▸ Requirement: Take the listing that follows and copy it precisely.

▸ Material for this exercise:
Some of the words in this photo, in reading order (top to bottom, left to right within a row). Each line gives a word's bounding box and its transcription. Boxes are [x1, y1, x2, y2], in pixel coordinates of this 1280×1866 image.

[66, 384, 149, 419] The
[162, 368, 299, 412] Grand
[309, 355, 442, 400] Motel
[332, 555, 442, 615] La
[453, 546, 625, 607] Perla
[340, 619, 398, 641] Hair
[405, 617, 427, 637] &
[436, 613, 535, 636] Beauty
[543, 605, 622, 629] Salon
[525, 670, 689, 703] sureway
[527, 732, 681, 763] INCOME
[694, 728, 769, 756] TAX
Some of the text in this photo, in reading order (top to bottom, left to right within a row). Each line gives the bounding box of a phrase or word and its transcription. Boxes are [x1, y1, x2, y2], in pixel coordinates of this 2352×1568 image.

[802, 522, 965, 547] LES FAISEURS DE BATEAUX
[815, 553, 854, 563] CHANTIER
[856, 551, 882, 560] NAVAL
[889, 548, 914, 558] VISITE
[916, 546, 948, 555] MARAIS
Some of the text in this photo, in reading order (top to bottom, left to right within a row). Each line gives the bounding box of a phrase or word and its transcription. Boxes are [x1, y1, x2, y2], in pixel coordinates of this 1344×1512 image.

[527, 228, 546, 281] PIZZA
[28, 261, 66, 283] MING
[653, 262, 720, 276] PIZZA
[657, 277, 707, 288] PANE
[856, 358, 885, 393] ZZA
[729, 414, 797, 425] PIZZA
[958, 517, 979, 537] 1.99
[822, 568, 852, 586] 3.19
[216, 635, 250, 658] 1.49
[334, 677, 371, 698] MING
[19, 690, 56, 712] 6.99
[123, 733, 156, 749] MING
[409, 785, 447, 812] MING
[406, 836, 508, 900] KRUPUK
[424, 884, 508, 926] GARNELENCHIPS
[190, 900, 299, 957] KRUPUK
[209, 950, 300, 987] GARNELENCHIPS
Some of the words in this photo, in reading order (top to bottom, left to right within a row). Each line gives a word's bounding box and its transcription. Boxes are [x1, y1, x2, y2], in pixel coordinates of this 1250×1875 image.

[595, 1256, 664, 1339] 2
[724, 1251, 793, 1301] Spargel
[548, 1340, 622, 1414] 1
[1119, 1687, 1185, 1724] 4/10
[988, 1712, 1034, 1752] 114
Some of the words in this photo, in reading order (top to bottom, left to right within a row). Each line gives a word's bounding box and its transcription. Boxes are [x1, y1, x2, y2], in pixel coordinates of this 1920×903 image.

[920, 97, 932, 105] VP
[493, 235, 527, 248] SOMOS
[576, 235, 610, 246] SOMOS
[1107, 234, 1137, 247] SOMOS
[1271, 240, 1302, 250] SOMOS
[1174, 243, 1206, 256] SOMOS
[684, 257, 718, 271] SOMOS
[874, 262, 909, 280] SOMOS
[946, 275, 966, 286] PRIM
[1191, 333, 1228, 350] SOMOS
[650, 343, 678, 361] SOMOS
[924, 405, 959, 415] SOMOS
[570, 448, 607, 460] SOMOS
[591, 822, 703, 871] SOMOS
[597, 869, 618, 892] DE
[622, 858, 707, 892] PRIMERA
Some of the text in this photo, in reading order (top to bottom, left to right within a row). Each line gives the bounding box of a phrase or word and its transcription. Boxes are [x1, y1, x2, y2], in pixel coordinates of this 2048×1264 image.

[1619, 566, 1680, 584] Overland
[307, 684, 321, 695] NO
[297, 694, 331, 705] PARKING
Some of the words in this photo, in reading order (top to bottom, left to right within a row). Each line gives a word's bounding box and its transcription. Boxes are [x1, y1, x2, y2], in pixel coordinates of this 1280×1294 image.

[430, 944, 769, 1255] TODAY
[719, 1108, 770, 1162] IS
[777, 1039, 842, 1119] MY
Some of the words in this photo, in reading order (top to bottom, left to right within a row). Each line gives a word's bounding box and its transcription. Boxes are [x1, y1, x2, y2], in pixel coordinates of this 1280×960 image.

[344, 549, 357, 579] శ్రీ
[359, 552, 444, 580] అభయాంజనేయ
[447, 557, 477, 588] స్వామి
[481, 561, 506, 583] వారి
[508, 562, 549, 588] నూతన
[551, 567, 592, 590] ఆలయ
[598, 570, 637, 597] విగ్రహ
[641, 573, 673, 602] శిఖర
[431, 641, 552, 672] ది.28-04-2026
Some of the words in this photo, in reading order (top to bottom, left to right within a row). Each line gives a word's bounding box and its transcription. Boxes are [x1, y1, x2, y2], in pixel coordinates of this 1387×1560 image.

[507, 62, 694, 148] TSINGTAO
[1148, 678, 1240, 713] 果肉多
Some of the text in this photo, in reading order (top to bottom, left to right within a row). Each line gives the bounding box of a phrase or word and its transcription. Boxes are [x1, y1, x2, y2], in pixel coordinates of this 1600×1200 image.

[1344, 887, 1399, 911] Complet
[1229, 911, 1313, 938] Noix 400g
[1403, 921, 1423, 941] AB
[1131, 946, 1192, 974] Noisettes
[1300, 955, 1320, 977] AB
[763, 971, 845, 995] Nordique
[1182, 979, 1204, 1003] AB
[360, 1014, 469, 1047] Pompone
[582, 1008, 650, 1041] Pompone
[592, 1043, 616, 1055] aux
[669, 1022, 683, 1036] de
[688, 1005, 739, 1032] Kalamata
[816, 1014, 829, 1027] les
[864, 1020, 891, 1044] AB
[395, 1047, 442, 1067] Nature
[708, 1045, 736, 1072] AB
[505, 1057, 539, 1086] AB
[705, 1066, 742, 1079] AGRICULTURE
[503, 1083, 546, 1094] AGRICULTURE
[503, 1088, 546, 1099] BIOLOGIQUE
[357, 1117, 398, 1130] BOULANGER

▸ Solution:
Some of the words in this photo, in reading order (top to bottom, left to right within a row). Each line gives a word's bounding box and its transcription. Boxes are [x1, y1, x2, y2], in pixel coordinates of this 1280×1866 image.

[66, 384, 149, 419] The
[162, 368, 299, 412] Grand
[309, 355, 442, 400] Motel
[332, 555, 442, 615] La
[453, 546, 625, 607] Perla
[340, 619, 398, 641] Hair
[405, 617, 427, 637] &
[436, 613, 535, 636] Beauty
[543, 605, 622, 629] Salon
[525, 670, 689, 703] sureway
[527, 732, 681, 763] INCOME
[694, 728, 769, 756] TAX
Some of the text in this photo, in reading order (top to bottom, left to right within a row). Each line gives the bounding box of a phrase or word and its transcription. Boxes are [x1, y1, x2, y2], in pixel coordinates of this 2352×1568 image.

[802, 522, 965, 547] LES FAISEURS DE BATEAUX
[815, 553, 854, 563] CHANTIER
[856, 551, 882, 560] NAVAL
[889, 548, 914, 558] VISITE
[916, 546, 948, 555] MARAIS
Some of the text in this photo, in reading order (top to bottom, left to right within a row). Each line gives the bounding box of a phrase or word and its transcription. Boxes are [x1, y1, x2, y2], in pixel coordinates of this 1344×1512 image.

[527, 228, 546, 281] PIZZA
[28, 261, 66, 283] MING
[653, 262, 720, 276] PIZZA
[657, 277, 707, 288] PANE
[856, 358, 885, 393] ZZA
[729, 414, 797, 425] PIZZA
[958, 517, 979, 537] 1.99
[822, 568, 852, 586] 3.19
[216, 635, 250, 658] 1.49
[334, 677, 371, 698] MING
[19, 690, 56, 712] 6.99
[123, 733, 156, 749] MING
[409, 785, 447, 812] MING
[406, 836, 508, 900] KRUPUK
[424, 884, 508, 926] GARNELENCHIPS
[190, 900, 299, 957] KRUPUK
[209, 950, 300, 987] GARNELENCHIPS
Some of the words in this photo, in reading order (top to bottom, left to right within a row). Each line gives a word's bounding box and its transcription. Boxes are [x1, y1, x2, y2], in pixel coordinates of this 1250×1875 image.

[595, 1256, 664, 1339] 2
[724, 1251, 793, 1301] Spargel
[548, 1340, 622, 1414] 1
[1119, 1687, 1185, 1724] 4/10
[988, 1712, 1034, 1752] 114
Some of the words in this photo, in reading order (top to bottom, left to right within a row). Each line gives a word's bounding box and its transcription. Boxes are [x1, y1, x2, y2], in pixel coordinates of this 1920×903 image.

[920, 97, 932, 105] VP
[493, 235, 527, 248] SOMOS
[576, 235, 610, 246] SOMOS
[1107, 234, 1137, 247] SOMOS
[1271, 240, 1302, 250] SOMOS
[1174, 243, 1206, 256] SOMOS
[684, 257, 718, 271] SOMOS
[874, 262, 909, 280] SOMOS
[946, 275, 966, 286] PRIM
[1191, 333, 1228, 350] SOMOS
[650, 343, 678, 361] SOMOS
[924, 405, 959, 415] SOMOS
[570, 448, 607, 460] SOMOS
[591, 822, 703, 871] SOMOS
[597, 869, 618, 892] DE
[622, 858, 707, 892] PRIMERA
Some of the text in this photo, in reading order (top to bottom, left to right within a row). Each line gives the bounding box of a phrase or word and its transcription. Boxes are [x1, y1, x2, y2], in pixel coordinates of this 2048×1264 image.

[1619, 566, 1680, 584] Overland
[307, 684, 321, 695] NO
[297, 694, 331, 705] PARKING
Some of the words in this photo, in reading order (top to bottom, left to right within a row). Each line gives a word's bounding box and its transcription. Boxes are [x1, y1, x2, y2], in pixel coordinates of this 1280×1294 image.

[430, 944, 769, 1255] TODAY
[719, 1108, 770, 1162] IS
[777, 1039, 842, 1119] MY
Some of the words in this photo, in reading order (top to bottom, left to right within a row). Each line gives a word's bounding box and its transcription. Boxes are [x1, y1, x2, y2], in pixel coordinates of this 1280×960 image.

[344, 549, 357, 579] శ్రీ
[359, 552, 444, 580] అభయాంజనేయ
[447, 557, 477, 588] స్వామి
[481, 561, 506, 583] వారి
[508, 562, 549, 588] నూతన
[551, 567, 592, 590] ఆలయ
[598, 570, 637, 597] విగ్రహ
[641, 573, 673, 602] శిఖర
[431, 641, 552, 672] ది.28-04-2026
Some of the words in this photo, in reading order (top to bottom, left to right within a row). Each line gives a word's bounding box and its transcription. Boxes are [x1, y1, x2, y2], in pixel coordinates of this 1387×1560 image.

[507, 62, 694, 148] TSINGTAO
[1148, 678, 1240, 713] 果肉多
Some of the text in this photo, in reading order (top to bottom, left to right within a row). Each line gives the bounding box of a phrase or word and its transcription. Boxes are [x1, y1, x2, y2], in pixel coordinates of this 1600×1200 image.

[1344, 887, 1399, 911] Complet
[1229, 911, 1313, 938] Noix 400g
[1403, 921, 1423, 941] AB
[1131, 946, 1192, 974] Noisettes
[1300, 955, 1320, 977] AB
[763, 971, 845, 995] Nordique
[1182, 979, 1204, 1003] AB
[360, 1014, 469, 1047] Pompone
[582, 1008, 650, 1041] Pompone
[592, 1043, 616, 1055] aux
[669, 1022, 683, 1036] de
[688, 1005, 739, 1032] Kalamata
[816, 1014, 829, 1027] les
[864, 1020, 891, 1044] AB
[395, 1047, 442, 1067] Nature
[708, 1045, 736, 1072] AB
[505, 1057, 539, 1086] AB
[705, 1066, 742, 1079] AGRICULTURE
[503, 1083, 546, 1094] AGRICULTURE
[503, 1088, 546, 1099] BIOLOGIQUE
[357, 1117, 398, 1130] BOULANGER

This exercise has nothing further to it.